* GIVEN RECORDS:
══════

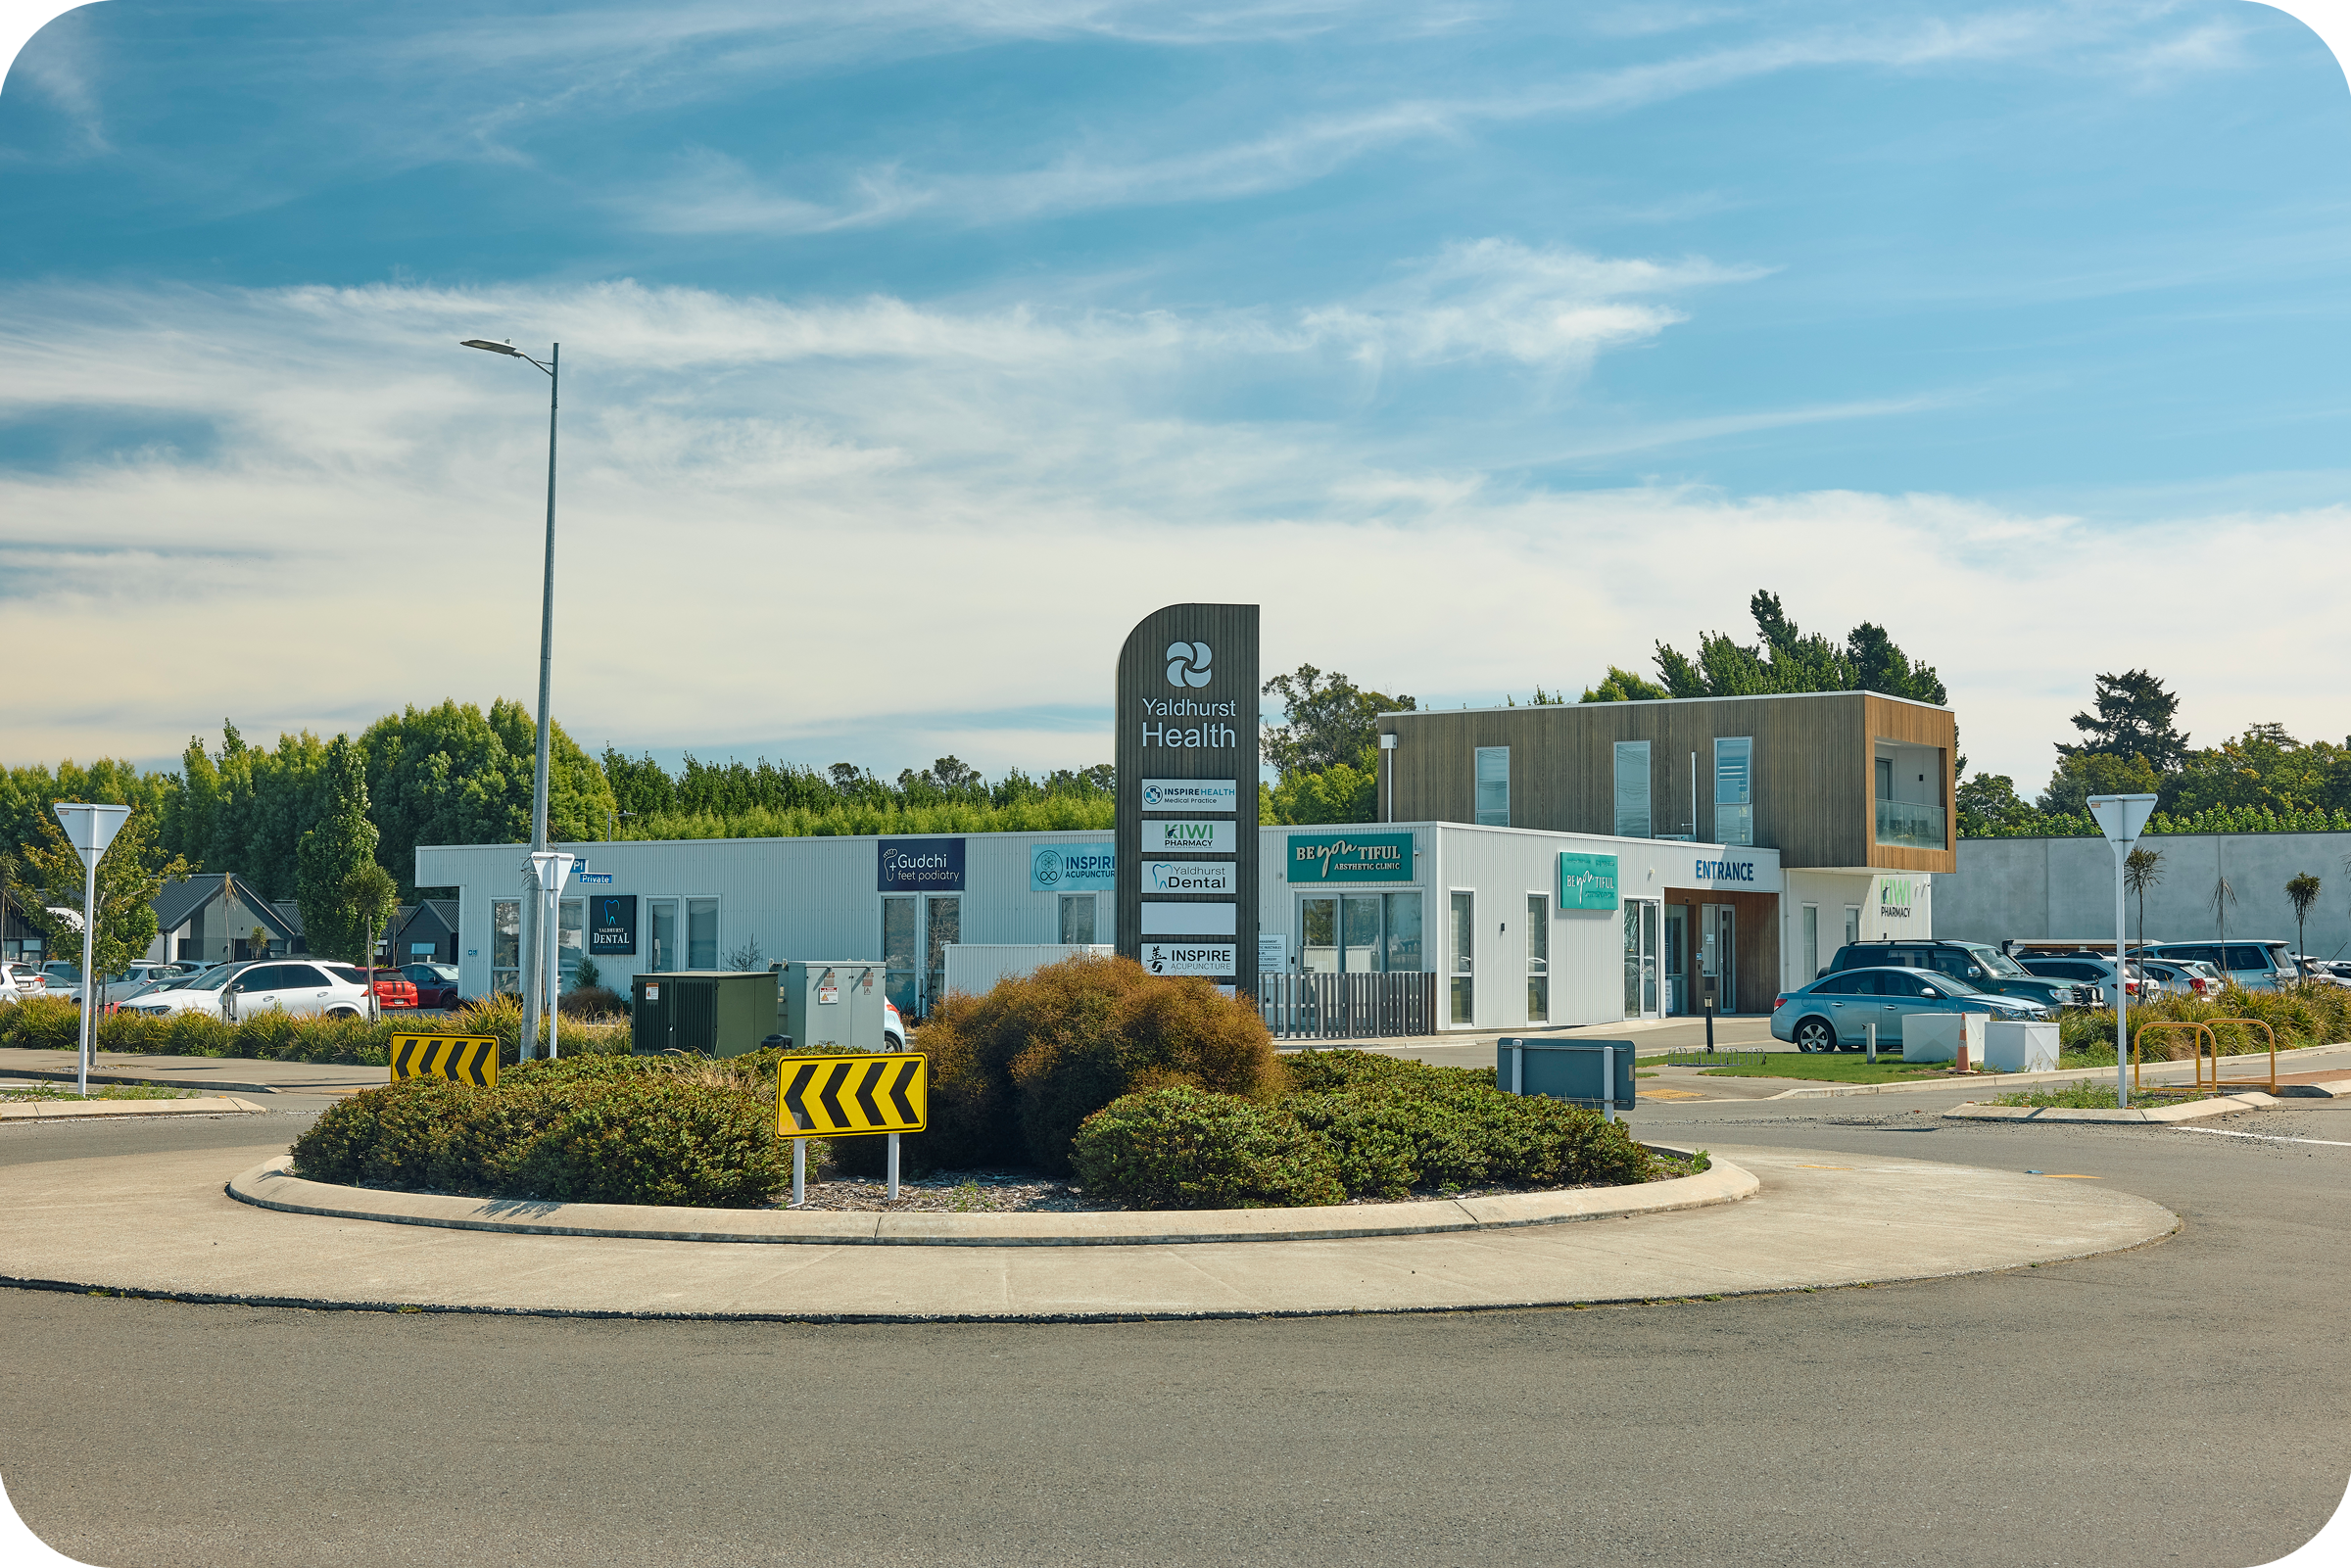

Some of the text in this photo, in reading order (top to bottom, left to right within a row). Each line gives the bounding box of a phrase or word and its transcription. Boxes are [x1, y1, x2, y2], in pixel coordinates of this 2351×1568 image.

[1142, 697, 1236, 716] Yaldhurst
[1142, 722, 1236, 748] Health
[1165, 824, 1214, 839] KIWI
[897, 853, 948, 869] Gudchi
[1375, 862, 1401, 871] CLINIC
[897, 870, 960, 882] feet podiatry
[1065, 870, 1115, 879] ACUPUNCTUR
[1173, 866, 1225, 876] Yaldhurst
[1696, 859, 1754, 881] ENTRANCE
[582, 874, 609, 883] Private
[1168, 877, 1226, 888] Dental
[1881, 879, 1911, 906] KIWI
[1881, 906, 1911, 918] PHARMACY
[593, 932, 630, 944] DENTAL
[1171, 949, 1231, 962] INSPIRE

══════

* WHAT THE TASK REQUIRES: Transcribe the records verbatim and omit the images.

* SOLUTION TO THE PROBLEM:
Some of the text in this photo, in reading order (top to bottom, left to right within a row). Each line gives the bounding box of a phrase or word and its transcription. Boxes are [x1, y1, x2, y2], in pixel coordinates of this 2351×1568 image.

[1142, 697, 1236, 716] Yaldhurst
[1142, 722, 1236, 748] Health
[1165, 824, 1214, 839] KIWI
[897, 853, 948, 869] Gudchi
[1375, 862, 1401, 871] CLINIC
[897, 870, 960, 882] feet podiatry
[1065, 870, 1115, 879] ACUPUNCTUR
[1173, 866, 1225, 876] Yaldhurst
[1696, 859, 1754, 881] ENTRANCE
[582, 874, 609, 883] Private
[1168, 877, 1226, 888] Dental
[1881, 879, 1911, 906] KIWI
[1881, 906, 1911, 918] PHARMACY
[593, 932, 630, 944] DENTAL
[1171, 949, 1231, 962] INSPIRE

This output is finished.